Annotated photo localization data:
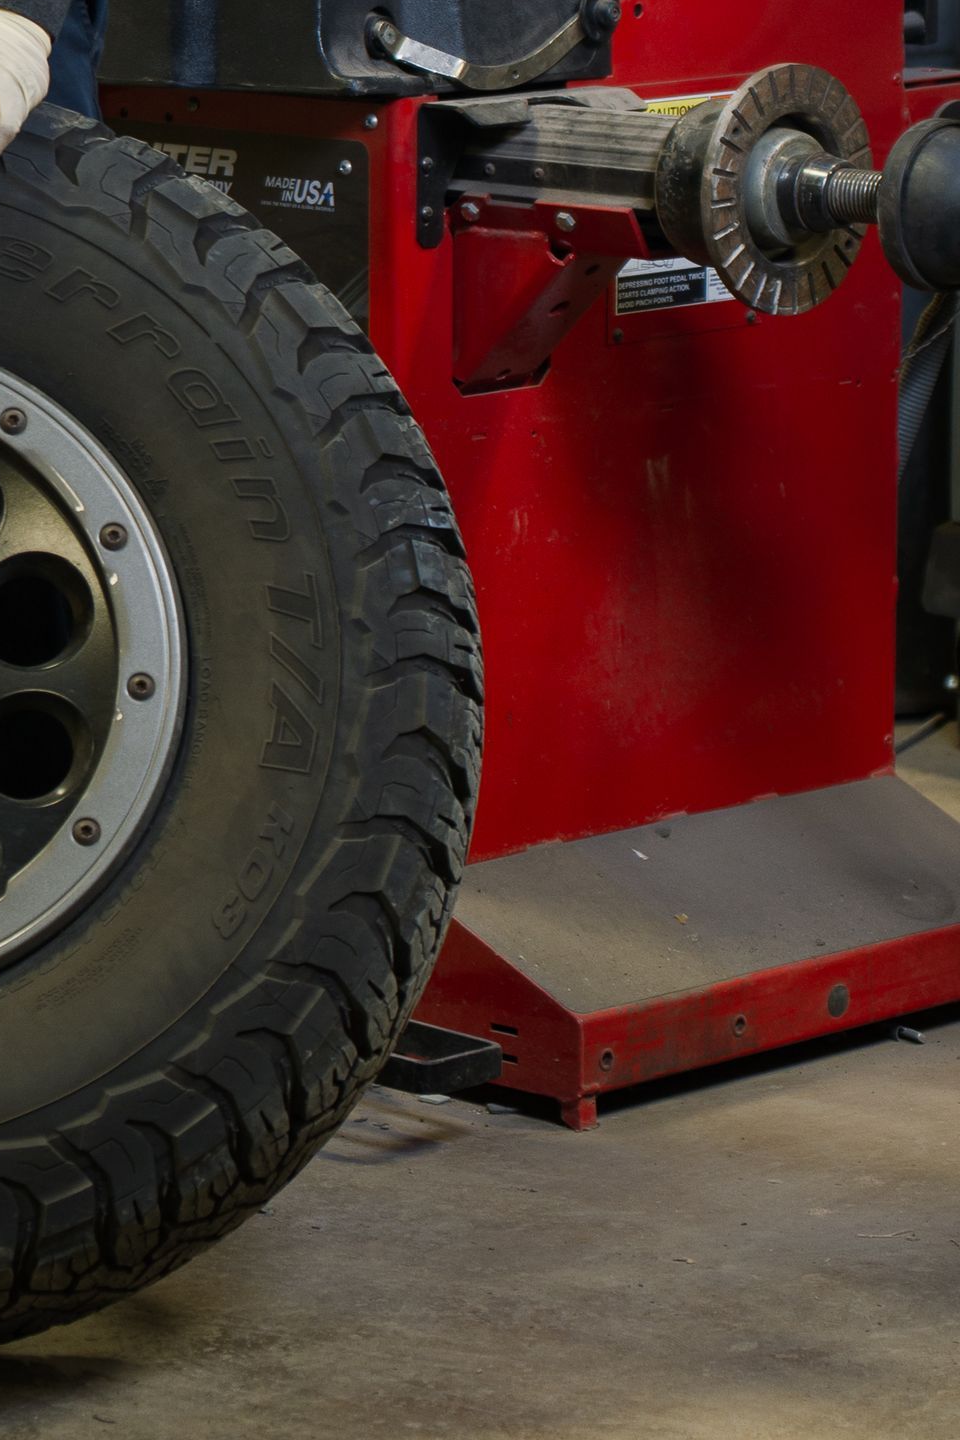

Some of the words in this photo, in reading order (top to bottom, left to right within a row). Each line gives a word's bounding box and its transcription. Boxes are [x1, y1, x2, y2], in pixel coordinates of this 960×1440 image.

[649, 104, 694, 117] AUTIO
[265, 176, 296, 189] MADE
[282, 190, 294, 202] IN
[293, 179, 335, 207] USA
[618, 279, 653, 290] DEPRESSING
[653, 277, 669, 286] FOOT
[669, 274, 687, 284] PEDAL
[688, 272, 705, 281] TWICE
[618, 290, 639, 300] STARTS
[640, 287, 670, 297] CLAMPING
[618, 300, 635, 309] AVOID
[635, 298, 652, 307] PINCH
[258, 571, 324, 774] T/A

**What the task requires**:
When you copy the data above, reproduce each line exactly and skip every image.

**Response**:
Some of the words in this photo, in reading order (top to bottom, left to right within a row). Each line gives a word's bounding box and its transcription. Boxes are [x1, y1, x2, y2], in pixel coordinates of this 960×1440 image.

[649, 104, 694, 117] AUTIO
[265, 176, 296, 189] MADE
[282, 190, 294, 202] IN
[293, 179, 335, 207] USA
[618, 279, 653, 290] DEPRESSING
[653, 277, 669, 286] FOOT
[669, 274, 687, 284] PEDAL
[688, 272, 705, 281] TWICE
[618, 290, 639, 300] STARTS
[640, 287, 670, 297] CLAMPING
[618, 300, 635, 309] AVOID
[635, 298, 652, 307] PINCH
[258, 571, 324, 774] T/A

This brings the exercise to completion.